Mais un jour, la corne de Cinthya tombe. Roland la ramasse et la
repose sur le front de Cinthya qui le remercie par un hénissement de
joie.
Plus
loin, la corne tombe à nouveau. Elle ne tient plus.
Désemparés,
Roland et Cinthya errent. Cinthya chialoche : elle se sent
nulle et moche.
Ils
croisent une horde de lapins-goufins qui leur mermolent des
imprécations vicieuses.
-
La pisseuse, la pisseuse, on va lui bouffer le trou qu'ils jactent en
les visant avec des patates moisies.
Roland
brandit son épée mais elle est toute molle.
Cinthya
trébuche, elle penche, elle glisse, le chemin s'enfonce. Roland
court après Cinthya.
Les
passants qui les admiraient se moquent de cette licorne sans corne,
tachée de boue.
Cinthya
dévale la pente. Roland perd du terrain. Une ombre se dresse devant
lui, immense.
L'ombre
parle. Roland ne comprend rien. L'ombre parle à nouveau.
-
Tu es trop grand pour jouer avec les licornes maintenant.
L'ombre
lui prend la main et entraîne Roland sur le bord du chemin, parmi
les passants. Ensemble, ils regardent Cinthya tomber.
Roland
Farthes faisait un colloque au sommet de sa gloire.
Soudain
il participe au salon du livre de Maubeuge. Il y présente son livre,
« un pamphlet incisif mais drôle » ( ce sont les mots de
l'éditeur ) sur la généralisation des systèmes d'ouverture dit «
faciles », sur les boites de conserve ou les paquets de
céréales. Il y fustige l'attitude des sociétés contemporaines qui
fuient la complexité, qui refusent de se confronter à ce qu'il
appelle « Le mystère du monde » . Il prône au
contraire des ouvertures difficiles, voire énigmatiques, à l'aide
de rébus, de charades ou autres devinettes.
A
la table voisine, le fameux écrivain-globe-trotter Marc-Henry
Lévy-Strauss, le grand Khan de la littérature vagabonde et engagée
dont le dernier roman, Toi et Moi, est déjà un succès énorme. La
file des gens qui attendent pour une dédicace ne cesse de s'allonger
et bientôt, les gens se trouvent aussi devant la table de Roland.

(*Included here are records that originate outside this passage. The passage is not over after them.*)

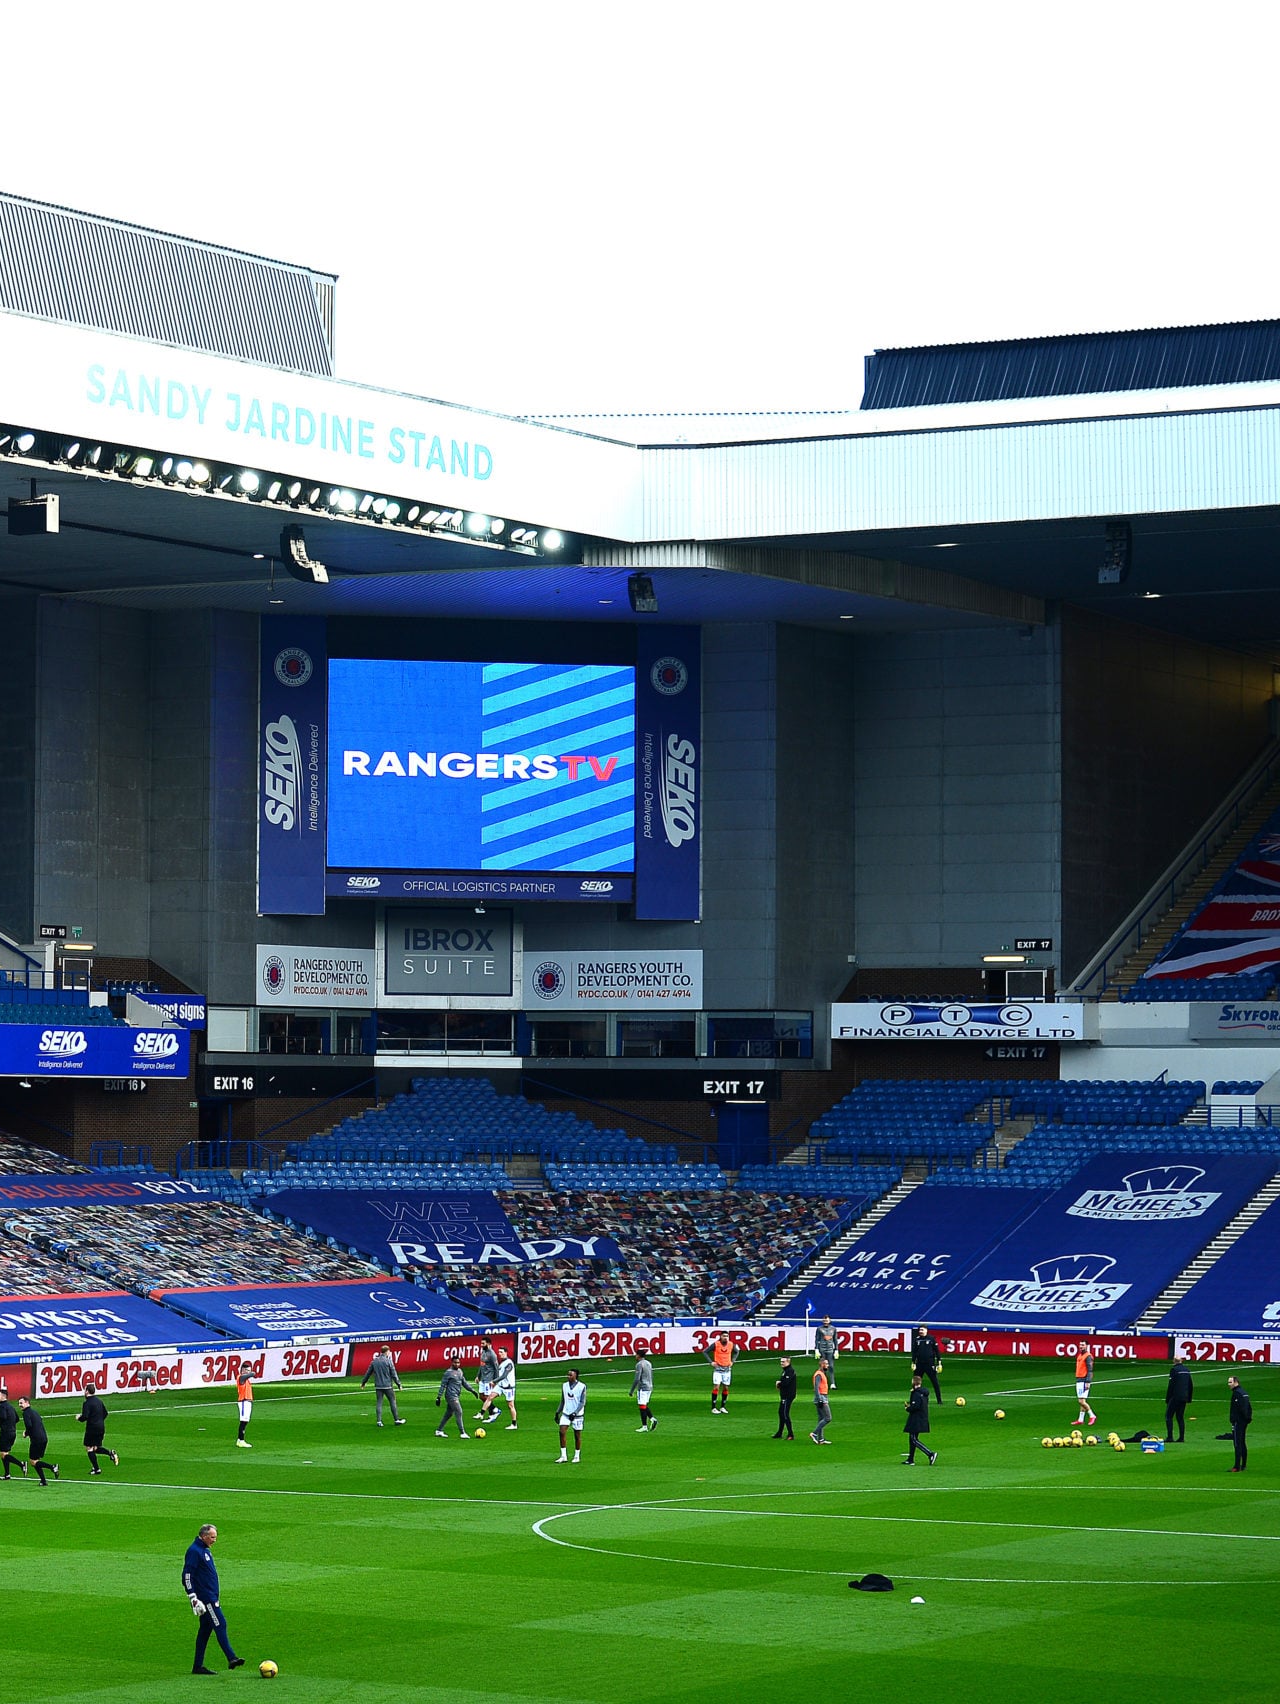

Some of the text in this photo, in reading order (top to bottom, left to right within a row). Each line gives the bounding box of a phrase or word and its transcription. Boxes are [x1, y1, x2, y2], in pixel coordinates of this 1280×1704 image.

[86, 364, 494, 482] SANDY JARDINE STAND
[265, 715, 297, 831] SEKO
[309, 724, 320, 831] Intelligence Delivered
[643, 733, 653, 838] Intelligence Delivered
[668, 734, 696, 848] SEKO
[347, 876, 381, 888] SEKO
[403, 881, 556, 893] OFFICIAL LOGISTICS PARTNER
[580, 880, 614, 892] SEKO
[41, 927, 56, 936] EXIT
[404, 928, 494, 951] IBROX
[1017, 941, 1050, 949] EXIT 17
[294, 958, 363, 972] RANGERS YOUTH
[403, 959, 495, 975] SUITE
[577, 962, 683, 974] RANGERS YOUTH
[294, 971, 369, 985] DEVELOPMENT CO.
[577, 975, 694, 987] DEVELOPMENT CO.
[294, 986, 368, 996] RYDC.CO.UK 0141 427 4914
[577, 990, 691, 998] RYDC.CO.UK 0141 427 4914
[179, 1002, 205, 1021] signs
[1218, 1004, 1280, 1021] SKYFOR
[839, 1026, 1075, 1038] FINANCIAL ADVICE LTD
[38, 1030, 87, 1055] SEKO
[133, 1033, 180, 1055] SEKO
[997, 1048, 1045, 1058] EXIT 17
[104, 1080, 138, 1091] EXIT 16
[214, 1077, 254, 1090] EXIT 16
[703, 1081, 765, 1094] EXIT 17
[132, 1180, 210, 1195] 1872
[367, 1200, 478, 1221] WE
[1077, 1209, 1195, 1220] FAMILY BAKERS
[386, 1221, 514, 1242] ARE
[388, 1236, 601, 1264] READY
[849, 1251, 952, 1266] MARC
[822, 1267, 946, 1282] DARCY
[827, 1282, 914, 1291] MENSWEAR
[980, 1300, 1101, 1312] FAMILY BAKERS
[17, 1327, 140, 1348] TIRES
[416, 1345, 483, 1362] IN CONTR
[521, 1333, 580, 1361] 32Red
[588, 1331, 666, 1356] 32Red
[836, 1331, 904, 1352] 2Red
[946, 1339, 1137, 1359] STAY IN COTROL
[1180, 1341, 1271, 1363] 32Red
[40, 1363, 108, 1394] 32Red
[116, 1358, 183, 1388] 32Red
[281, 1348, 344, 1375] 32Red

Certains, gênés, font des efforts désespérés pour ne pas croiser
son regard. D'autres lisent distraitement la 4ème de couverture de
son essai Ouvertures faciles : la mort de la démocratie ?

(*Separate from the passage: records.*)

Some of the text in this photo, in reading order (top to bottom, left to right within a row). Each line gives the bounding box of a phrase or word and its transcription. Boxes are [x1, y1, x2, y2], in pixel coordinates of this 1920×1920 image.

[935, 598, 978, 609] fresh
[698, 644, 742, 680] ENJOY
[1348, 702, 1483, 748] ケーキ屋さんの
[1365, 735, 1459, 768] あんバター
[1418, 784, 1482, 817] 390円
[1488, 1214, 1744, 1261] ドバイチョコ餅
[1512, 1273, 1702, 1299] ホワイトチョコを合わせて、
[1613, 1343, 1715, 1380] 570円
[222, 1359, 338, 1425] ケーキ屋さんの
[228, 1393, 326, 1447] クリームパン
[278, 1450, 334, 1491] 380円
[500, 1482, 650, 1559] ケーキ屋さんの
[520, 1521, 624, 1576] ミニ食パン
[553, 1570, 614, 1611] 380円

et le reposent en lui disant que ça a l'air intéressant. Sourire
fatigué de Roland.
18h30.
Plus qu'une demie-heure. Roland se lève, rajuste sa chemise et se
glisse dans la file, son exemplaire de Toi et moi sous le bras.
Roland
Farthes faisait un colloque au sommet de sa gloire.
Face
à la chute des ventes de ses livres, Roland décide soudain
d'organiser la fuite accidentelle d'une sextape sur les réseaux
sociaux.
La
réaction est immédiate : Nana le traite de connard, lui
demande comment il a osé publier une vidéo avec une de ses
anciennes maîtresses. Nana parle de mépris, Roland de respect.
Incompréhension.
La
sœur de Roland, hilare, le félicite pour ses prouesses sexuelles.
Sa
mère, elle, ne comprend pas : de quoi as-tu manqué pendant
ton enfance pour nous faire ça ? ( elle parle d'elle et du père
de Roland ). Elle qui n'ose plus aller chez son boucher préféré.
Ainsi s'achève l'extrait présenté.